#### ACTIVITY
I would like every record reproduced exactly, with the pictures left out.

Phrase grounding data:

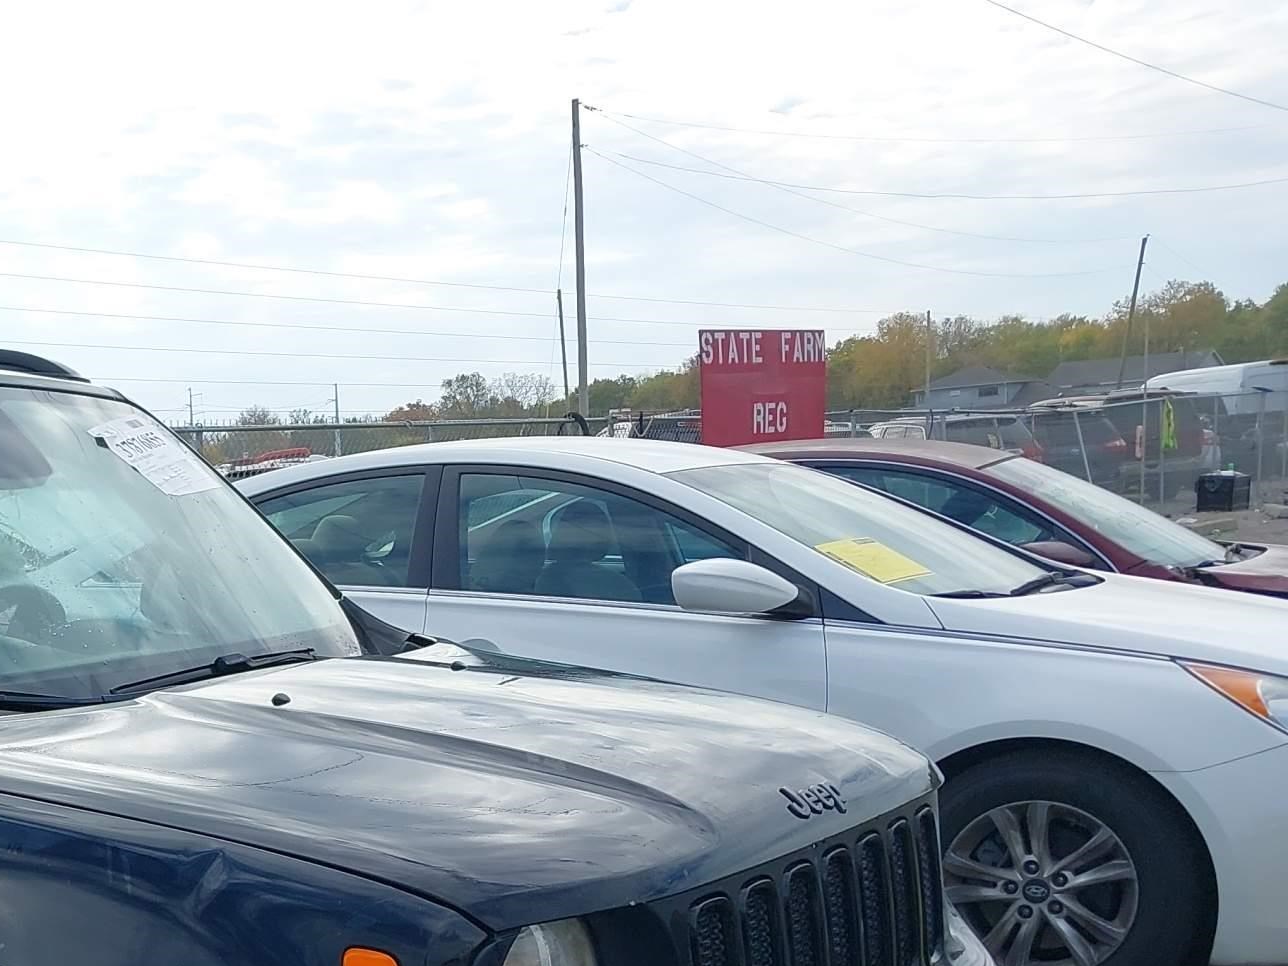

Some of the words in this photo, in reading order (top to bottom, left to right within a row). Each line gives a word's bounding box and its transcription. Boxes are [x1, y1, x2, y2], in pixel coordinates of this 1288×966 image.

[700, 332, 763, 364] STATE
[781, 331, 825, 363] FARM
[778, 783, 848, 820] Jeep
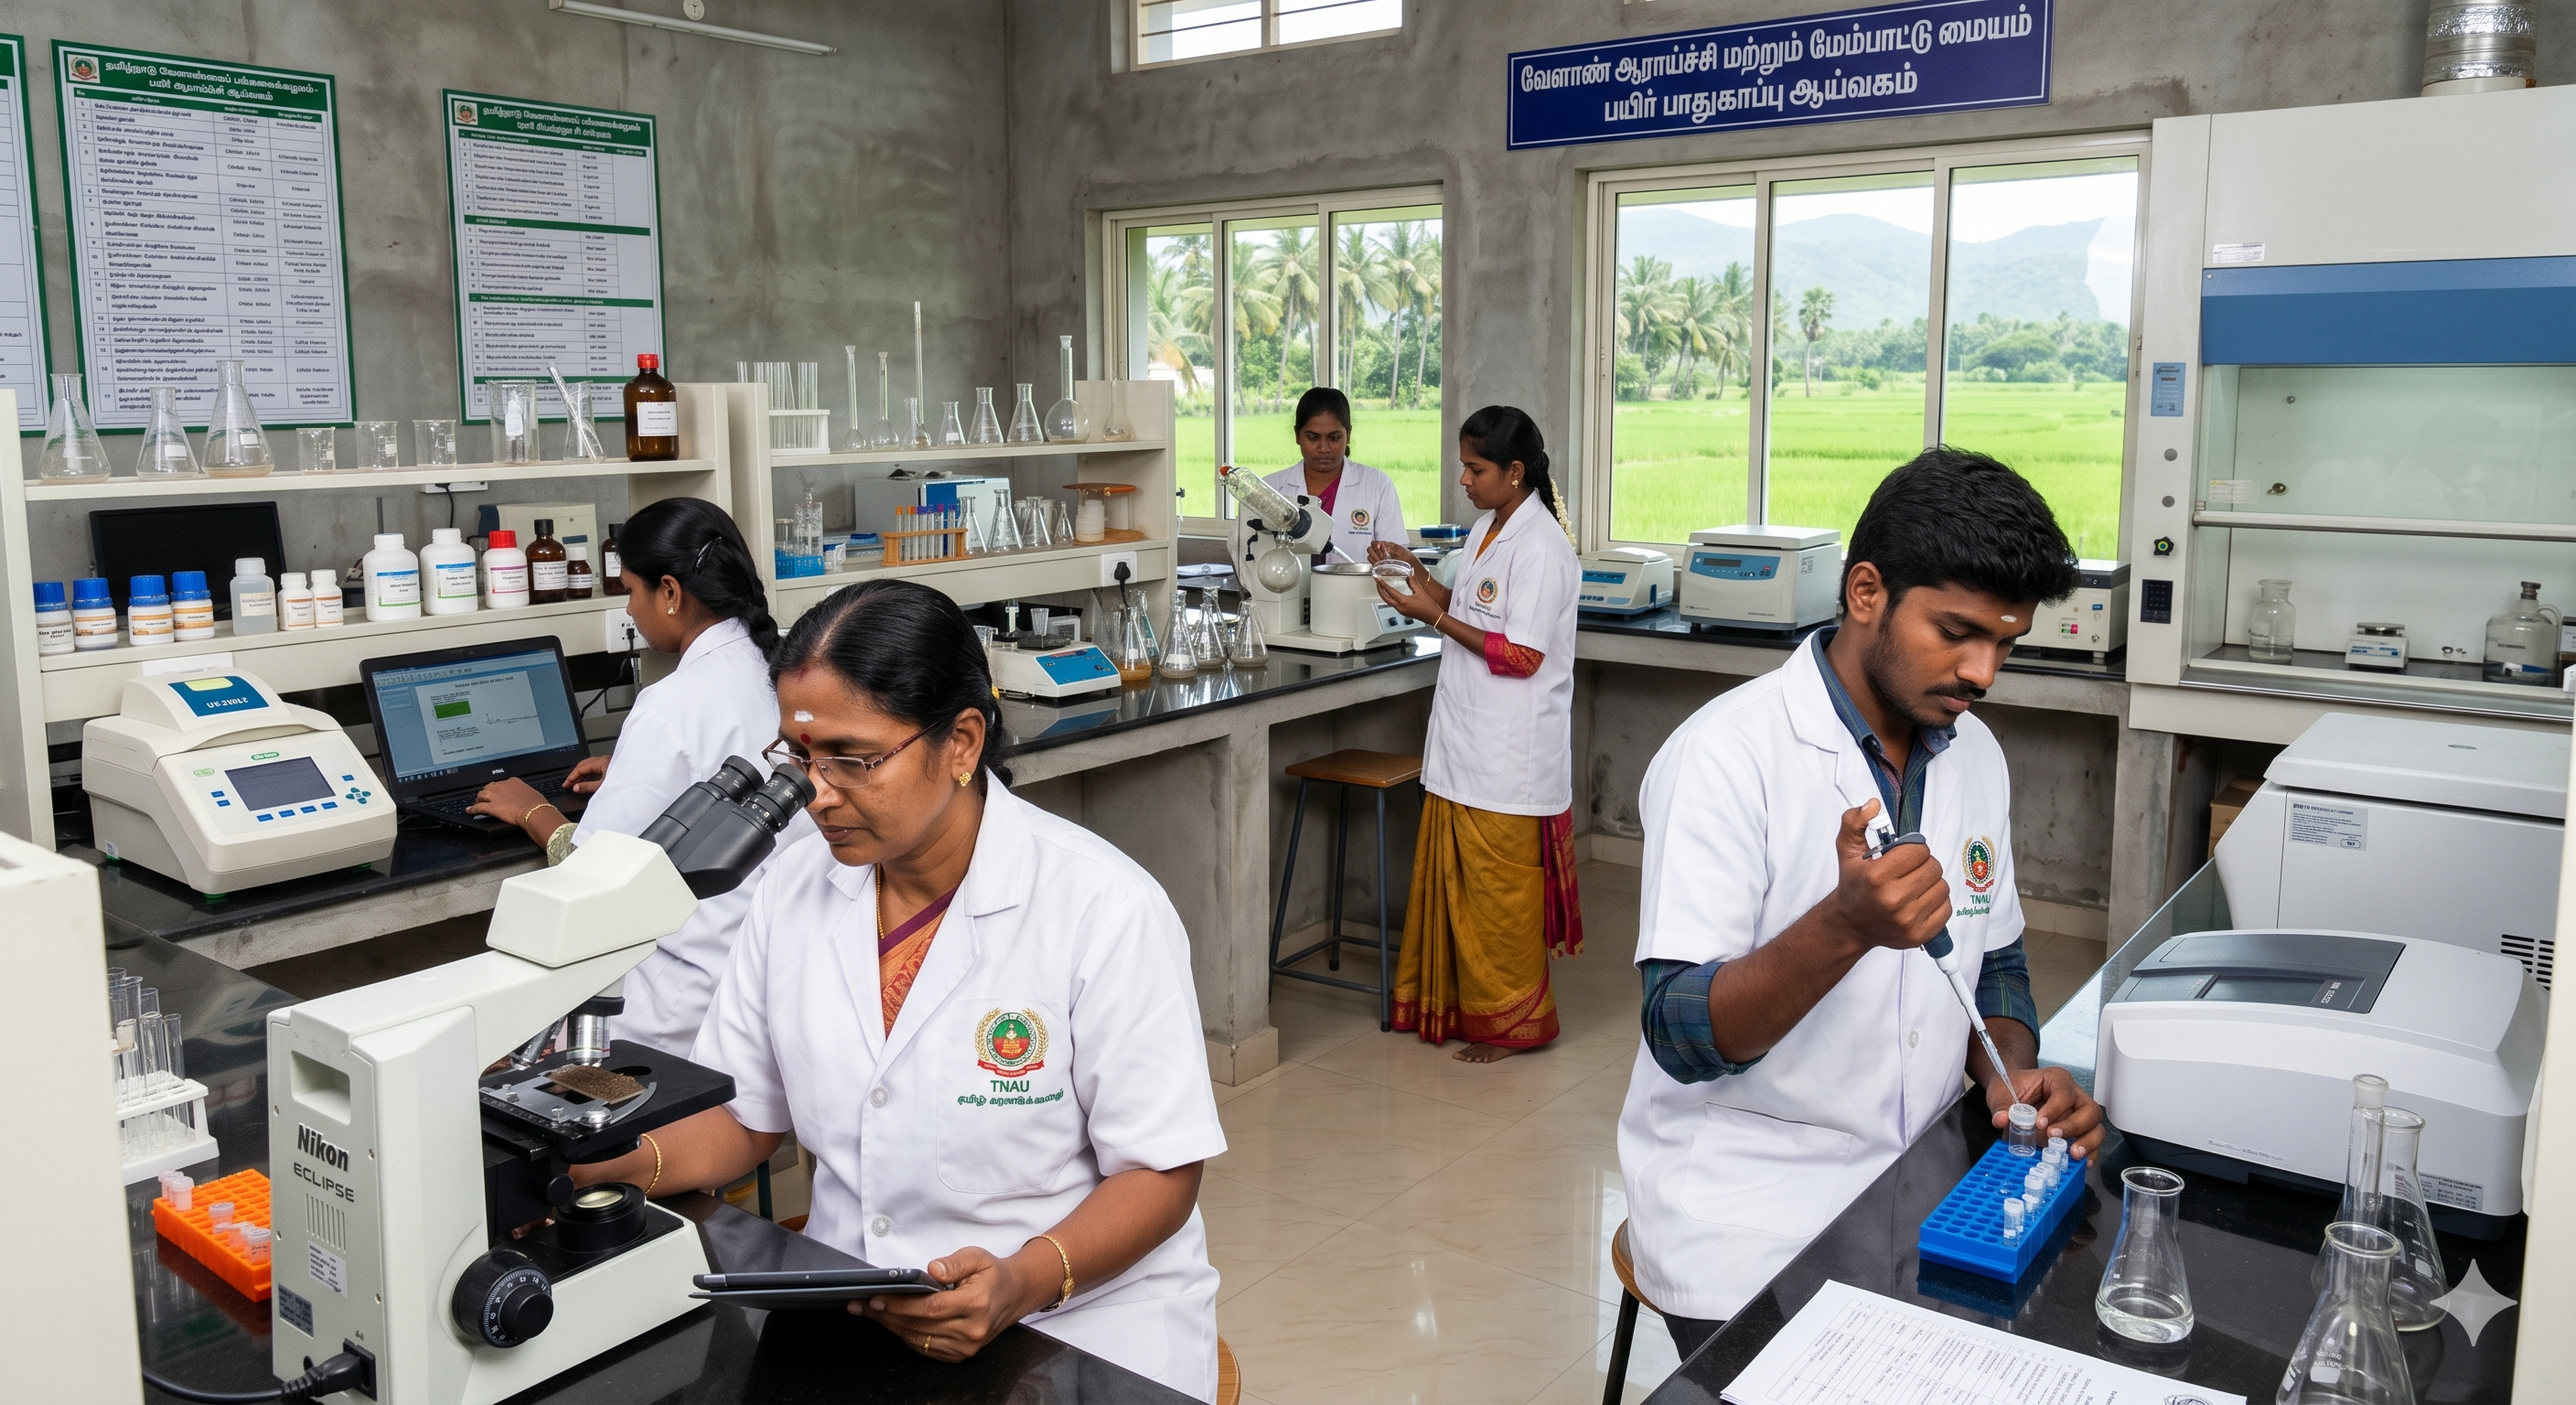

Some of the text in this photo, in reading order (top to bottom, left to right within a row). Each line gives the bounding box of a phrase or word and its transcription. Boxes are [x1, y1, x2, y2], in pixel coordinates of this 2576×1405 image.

#### ANSWER BELOW
Some of the words in this photo, in reading order (top to bottom, left to right within a row). Each line gives a word's bounding box and its transcription. Boxes are [x1, y1, x2, y2], in pixel coordinates of this 1288×966 image.

[700, 332, 763, 364] STATE
[781, 331, 825, 363] FARM
[778, 783, 848, 820] Jeep

Some of the text in this photo, in reading order (top to bottom, left to right within a row). Each line gives the bounding box of a phrase or word and its transcription. Boxes are [x1, y1, x2, y2], in pixel coordinates of this 2576×1405 image.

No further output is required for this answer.